Here it's getting darker, because the scrapermasters argue that if the system (i.e. Google) does nothing to stop them (and surely G could if they wanted to), their behaviour must be okay or even welcome. That's why they usually point out that G should take care of the problem (if there is any), not the advertisers, and not the competing publishers. But this is where most white hat webmasters - me included - start to bark. Loudly. And the reasons are clear and obviuous:

a) Scrapers are working off content that was put up to a website without any intention to add value, e.g. to make the surfers quest for information easier. (Big difference with true SEs - they were built with the intent to offer a valuable service: making life easier for users!) - Yes, they both put ads on their page to earn money, but it's still a huge difference whether you want to provide something useful to users or not. Just imagine a magazine with nothing but blind copy and ads. Compare this to the yellow pages.

b) Scrapers did not ask the owners of the content for permission to display the snippets, which makes them basically thieves. (Again, big difference with true SEs. We usually can lock them out by using robots.txt!)

Oh yes, I can hear the scrapermaster chorus already - "but if Google allows all this it must be okay!". No. It's not. If you steal from a shop, it's illegal in most countries, EVEN IF you get away with it. It does not make it any better, if you say with a smiling face "well nobody stopped me on my way out". It's still theft and it's still illegal.

And this makes any discussions with scrapermasters as useless as the sites they run. They believe that it's okay because they get away with it. We whitehats, however, see the moral aspects behind it, and we see what efforts go into our sites to create unique useful content.

No doubt this will be an infinite discussion.

-- M.

bbcarter

5+ Year Member



 
Msg#: 7116 posted 9:28 am on Jun 8, 2005 (gmt 0)

No doubt this will be an infinite discussion.

And a hugely profitable one, too :-/

birdstuff

10+ Year Member



 
Msg#: 7116 posted 12:05 pm on Jun 8, 2005 (gmt 0)

mzanzig:

You articulated in one post what I was apparently unable to get across in this entire thread. Search engines and scraper sites both get their data the same way: they "scrape" content from other sites. That's the technical side of this argument, and it's undeniable.

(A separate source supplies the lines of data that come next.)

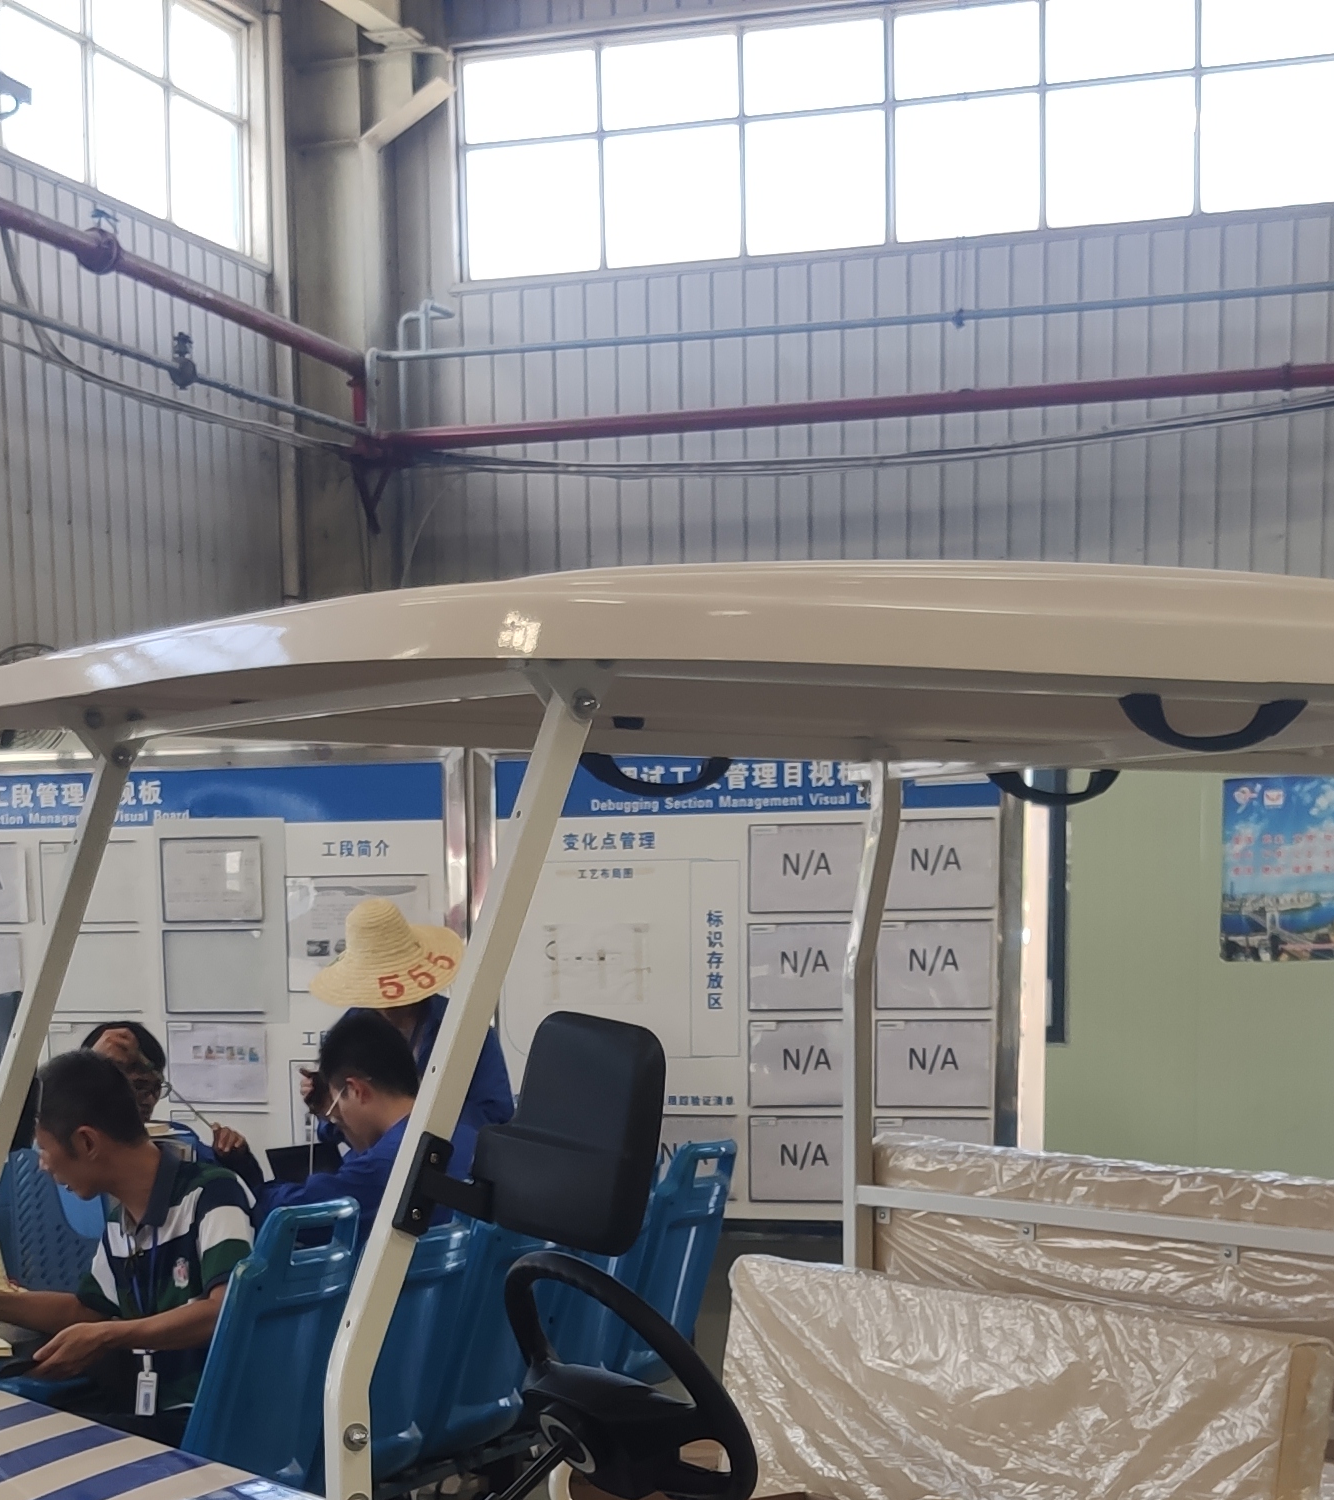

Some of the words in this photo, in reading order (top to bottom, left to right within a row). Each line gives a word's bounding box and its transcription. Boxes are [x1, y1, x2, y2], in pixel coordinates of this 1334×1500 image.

[591, 798, 659, 813] Debugging
[664, 796, 713, 810] Section
[719, 795, 804, 809] Management
[809, 793, 850, 806] Visual
[321, 839, 390, 858] 工段简介
[562, 831, 655, 851] 变化点管理
[577, 868, 633, 880] 工艺布局图
[781, 848, 832, 878] N/A
[910, 844, 962, 876] N/A
[706, 909, 724, 1010] 标识存放区
[779, 947, 830, 978] N/A
[908, 945, 959, 976] N/A
[377, 951, 455, 1000] 555
[782, 1044, 832, 1075] N/A
[908, 1043, 959, 1075] N/A
[779, 1140, 829, 1171] N/A
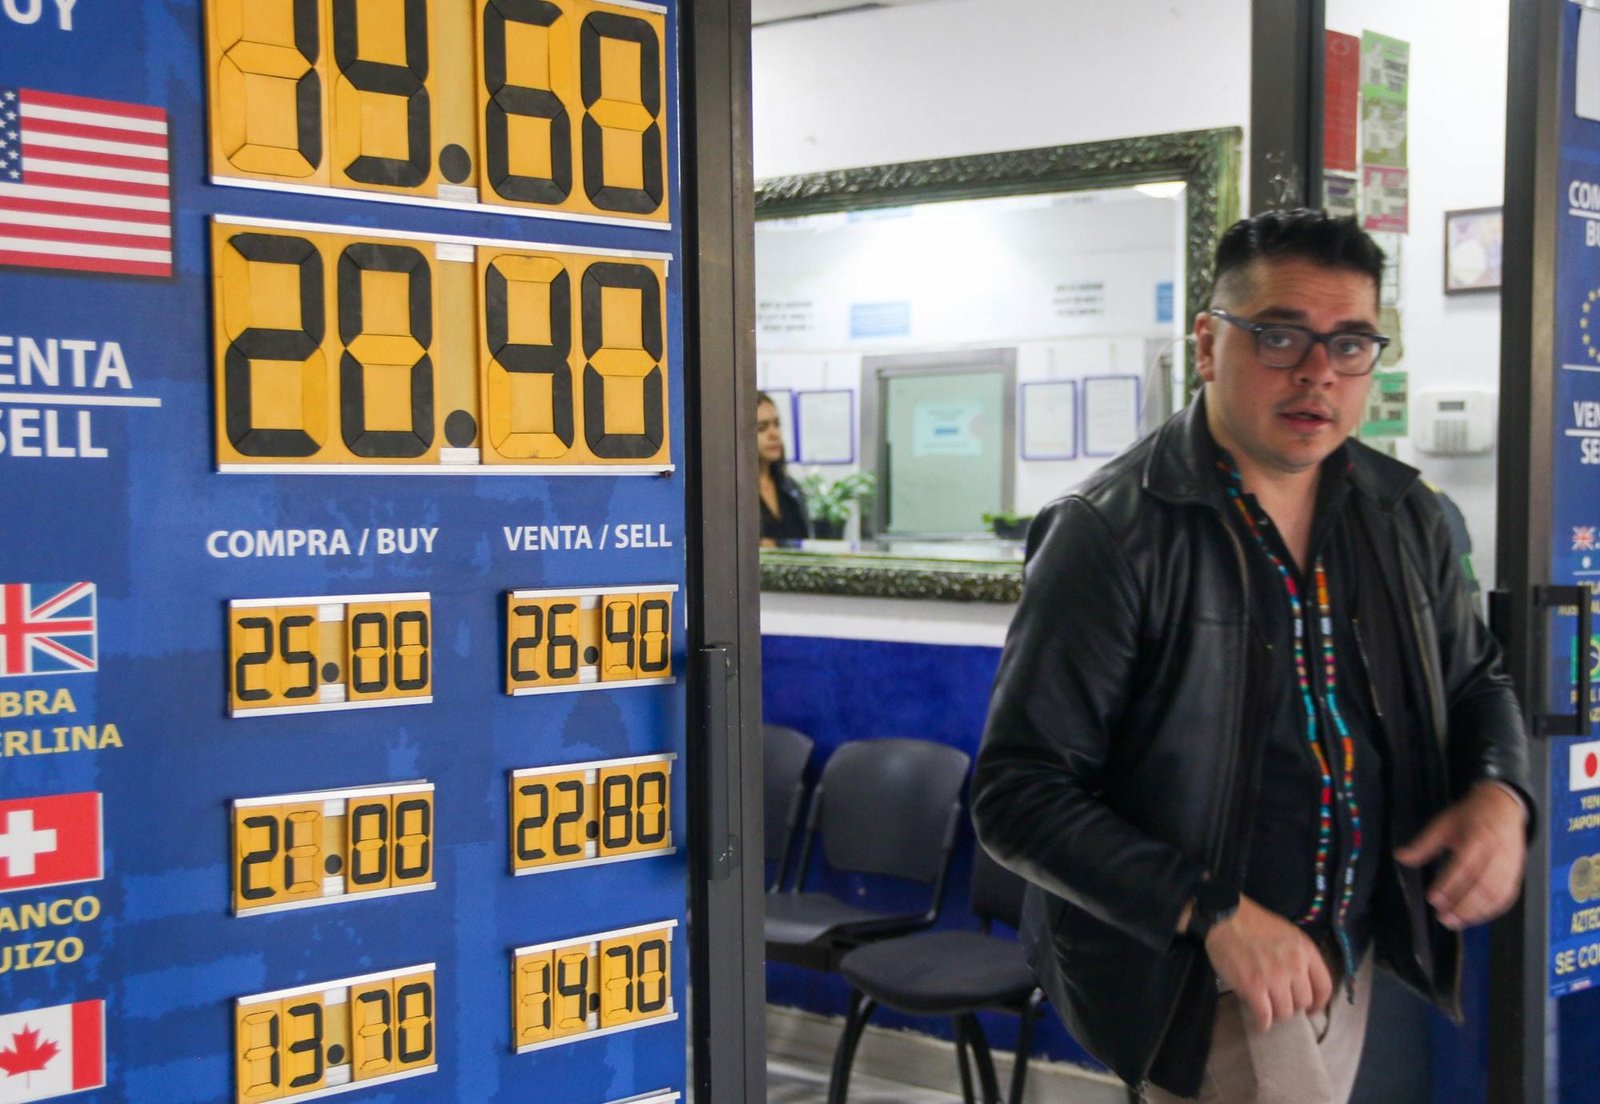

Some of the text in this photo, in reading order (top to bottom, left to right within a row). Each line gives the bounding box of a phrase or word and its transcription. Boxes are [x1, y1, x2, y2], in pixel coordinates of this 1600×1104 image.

The moral side is indeed where white-hat webmasters have problems with what I call "Made for Adsense scrapers", and rightly so. Search engines provide a valuable service to the web community at large and webmasters in general. I love Google, Yahoo & MSN for a selfish reason - they help visitors find my sites. But even if my sites didn't exist they still serve the web community at large.

"Made for AdSense" scrapers on the other hand provide no valuable service to the web community at large whatsoever. The only people who benefit from them are the webmasters who build them.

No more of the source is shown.